Editor's comment: Electronics & climate change…
Author : Mark Gradwell | Editor | EPDT
02 June 2019
Mark Gradwell, Editor, EPDT
At a recent engineering press conference I attended, I was surprised to overhear a conversation between some of my editorial colleagues in which an editor was telling another that he was (in his own words) a “climate change denier”.
This editorial was originally featured in the June 2019 issue of EPDT magazine [read the digital issue]. Sign up to receive your own copy each month.
Of course, I’m aware that such beliefs exist – and indeed, the current inhabitant of the White House means that viewpoint has grown in visibility. But having spent most of the last 15 years working closely with engineers and scientists, I have rarely come across anyone who professed to hold such beliefs – and honestly wasn’t expecting to hear it among a group of engineering press industry editors…
As such, I found it grimly fascinating. I simply had to hear his reasoning for discounting the overwhelming majority of global peer-reviewed academic research – and was gripped as I joined the discussion to listen to him recount his thinking.
In the weeks running up to this incident, climate activist group, Extinction Rebellion caused widespread disruption across the capital with its occupation of four prominent central London sites: Oxford Circus, Marble Arch, Waterloo Bridge and Parliament Square – resulting in over a thousand arrests. A few weeks earlier, across the UK, large numbers of schoolchildren had staged climate strikes, skipping lessons to join protests and demonstrations.

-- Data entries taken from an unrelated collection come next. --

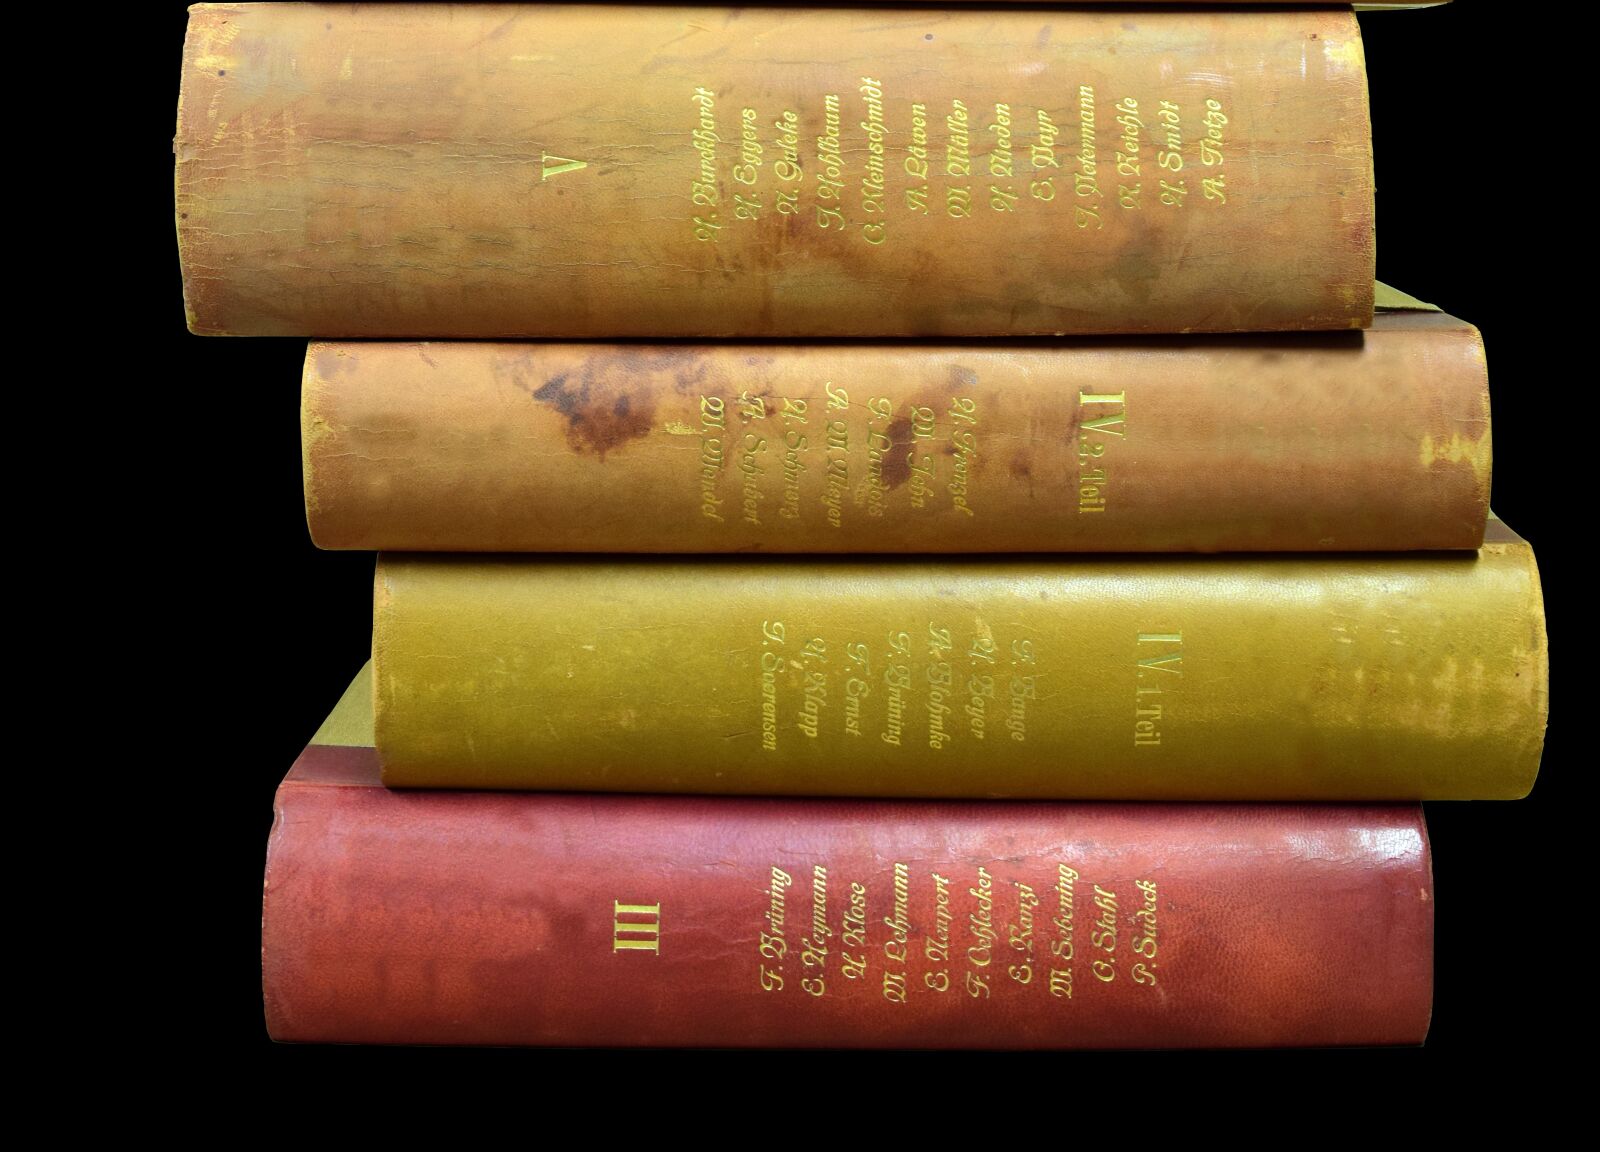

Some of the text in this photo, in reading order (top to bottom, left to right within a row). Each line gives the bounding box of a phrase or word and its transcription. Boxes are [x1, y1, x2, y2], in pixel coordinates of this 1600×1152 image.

[541, 150, 588, 181] V
[692, 87, 720, 206] Burckhardt
[733, 108, 763, 185] Eggers
[774, 111, 803, 182] Guleke
[816, 95, 845, 199] Hohlbaum
[860, 77, 889, 213] Kleinschmidt
[904, 104, 928, 215] A. Läwen
[989, 103, 1012, 176] Nieden
[1074, 86, 1103, 197] Petermann
[1158, 101, 1183, 172] Smidt
[1200, 99, 1228, 204] A. Tietze
[1031, 177, 1055, 201] E.
[868, 397, 892, 424] F.
[738, 391, 768, 525] A. Schubert
[845, 643, 870, 736] F. Ernst
[881, 664, 912, 746] Brüning
[965, 674, 995, 738] Beyer
[614, 900, 660, 956] III
[760, 866, 792, 990] F. Brüning
[801, 866, 832, 996] E. Heymann
[842, 882, 865, 946] Klose
[884, 863, 911, 964] Lehmann
[924, 874, 952, 991] E. Neupert
[966, 867, 998, 998] F. Oehlecker
[1051, 864, 1078, 960] Sebening
[1092, 885, 1118, 952] Stahl
[1132, 880, 1156, 986] P. Sudeck
[1008, 958, 1032, 984] E.

And 16-year old autistic Swedish schoolgirl, Greta Thunberg, who had begun her own climate activism only a little over six months earlier, with strikes and protests outside the Swedish parliament in Stockholm (leading to a Nobel Peace Prize nomination and a Time Magazine cover), travelled to London to speak at the climate protests, meet with UK political party leaders (including all the main party leaders, except the Prime Minister, Theresa May) and address parliament. Support for these protests has been varied among politicians, the media and the public, with dismissive criticism of schoolchildren trying to find a voice and deliver a message from some quarters.
Meanwhile, technology and electronics appear to be part of the problem. Apart from the greenhouse gas, nitrogen trifluoride (NF3), which is used as a cleaning agent in the manufacture of semiconductors, flat-panel LCDs and thin-film solar cells, the energy consumed globally by smart devices – and the infrastructure to power them – is substantial (and largely generated from non-renewable sources). Furthermore, the IoT, 5G and driverless cars are set to explode the number and usage of connected devices. Not to mention the mounting e-waste generated by a constant upgrade and obsolescence cycle.
The tsunami of data that fuels our digital world requires vast server farm data centres, that could consume up to 20% of the world’s electricity by 2025, producing around 5% of global carbon emissions – more than aviation, shipping – or any country other than the US, China or India. Cryptocurrency giant, Bitcoin alone already consumes more energy than 159 entire countries combined.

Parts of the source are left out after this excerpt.